Hey folks just got in from a few days in and around Altoona Great stuff. What some would call a written trip report will be here after I get some decent sleep. Tons of videos and pictures. I have a teaser album up right now that I edited last night. Its dedicated to AU's very own Eric (GG-1) I think you'll see why if you decide to take a look.

Some Pictures Found Right Here


----------



## GG-1 (Apr 19, 2009)

Long Train Runnin said:


> Hey folks just got in from a few days in and around Altoona Great stuff. What some would call a written trip report will be here after I get some decent sleep. Tons of videos and pictures. I have a teaser album up right now that I edited last night. Its dedicated to AU's very own Eric (GG-1) I think you'll see why if you decide to take a look.
> Some Pictures Found Right Here


Mahalo for the sentiment and pictures. I didn't know 4913 was in Altoona. I have a model of that one. She looks to be in decent shape for a 70 year old lady. From the Strasbourg PRR Museum I seem to recall the cab is abut the size of a phone booth.

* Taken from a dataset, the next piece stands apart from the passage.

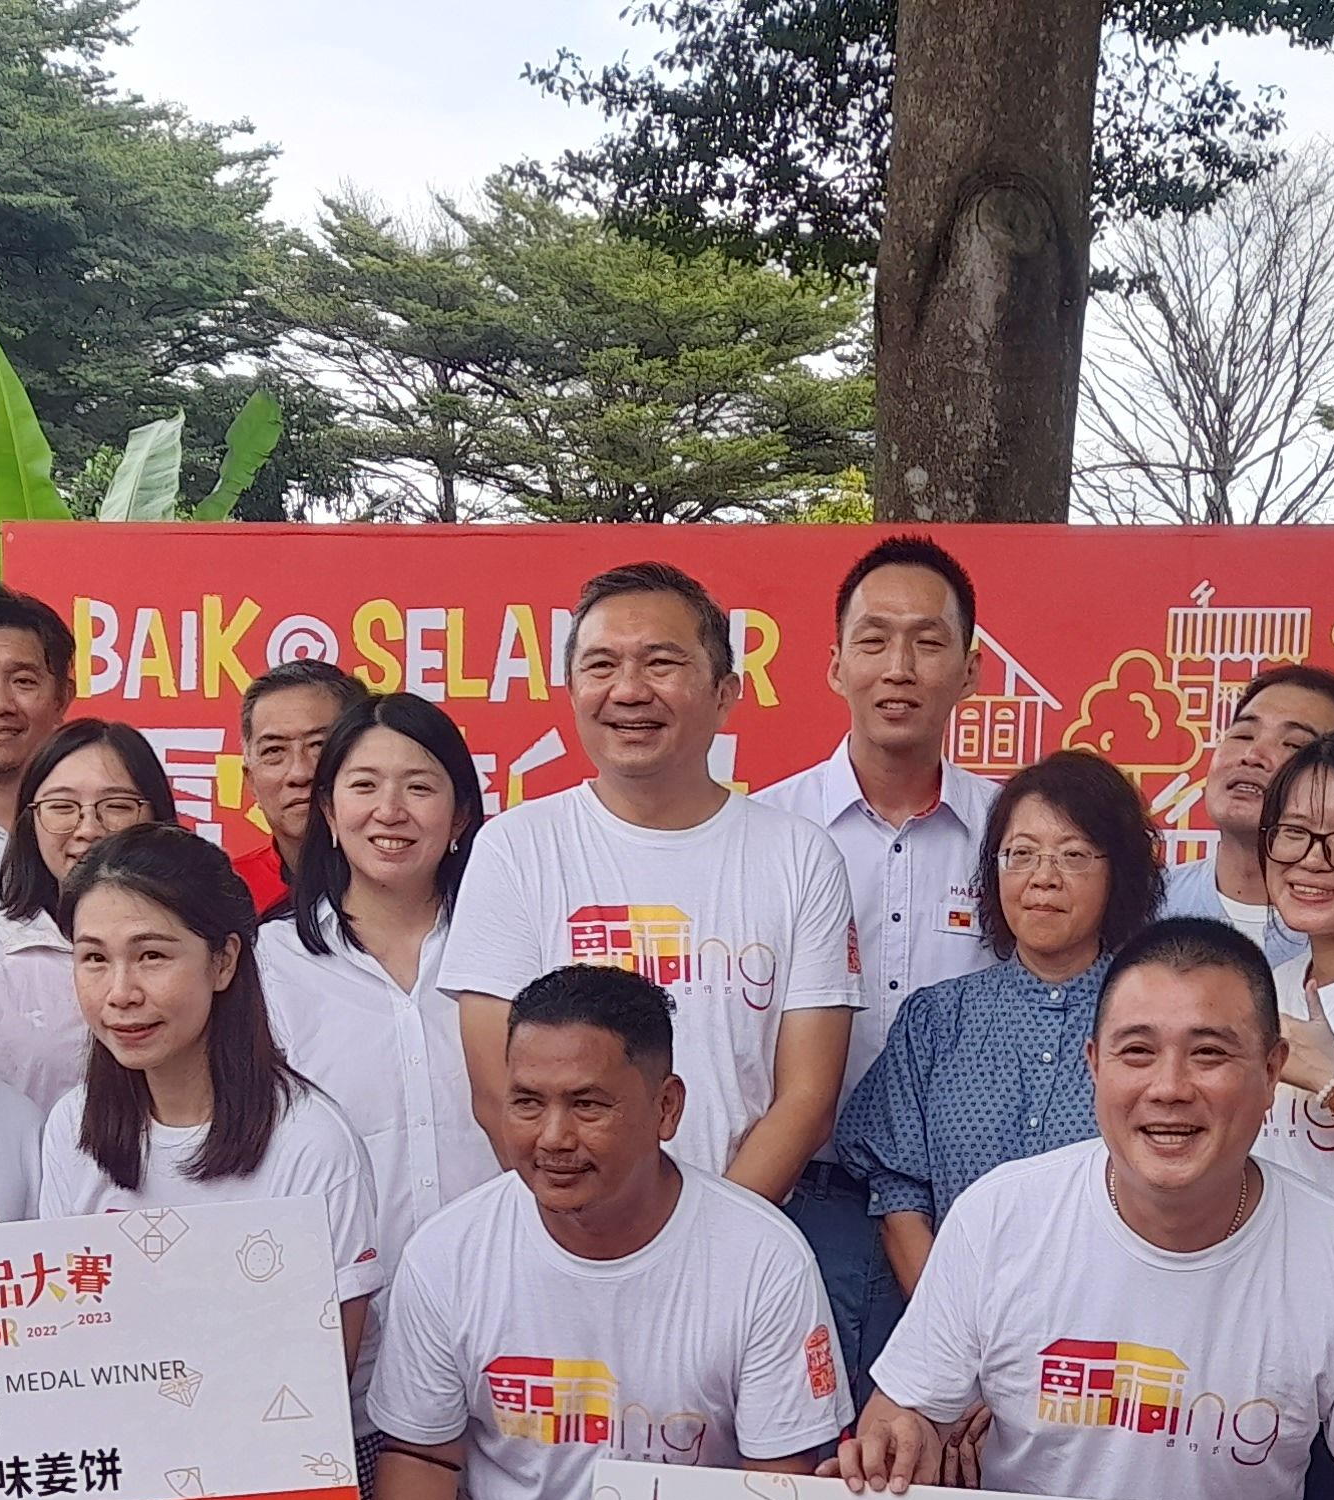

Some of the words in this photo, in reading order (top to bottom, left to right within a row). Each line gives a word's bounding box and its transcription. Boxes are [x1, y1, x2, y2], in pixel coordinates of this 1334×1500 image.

Again Mahalo for the Pictures and Aloha

Eric


----------



## railiner (May 7, 2009)

GG-1 said:


> Long Train Runnin said:
> 
> 
> > Hey folks just got in from a few days in and around Altoona Great stuff. What some would call a written trip report will be here after I get some decent sleep. Tons of videos and pictures. I have a teaser album up right now that I edited last night. Its dedicated to AU's very own Eric (GG-1) I think you'll see why if you decide to take a look.
> ...


The inside of a 'G' is more akin to being inside a submarine, you have to bend and climb around massive steel girders that look like they could support a bridge to get around its passageways...


----------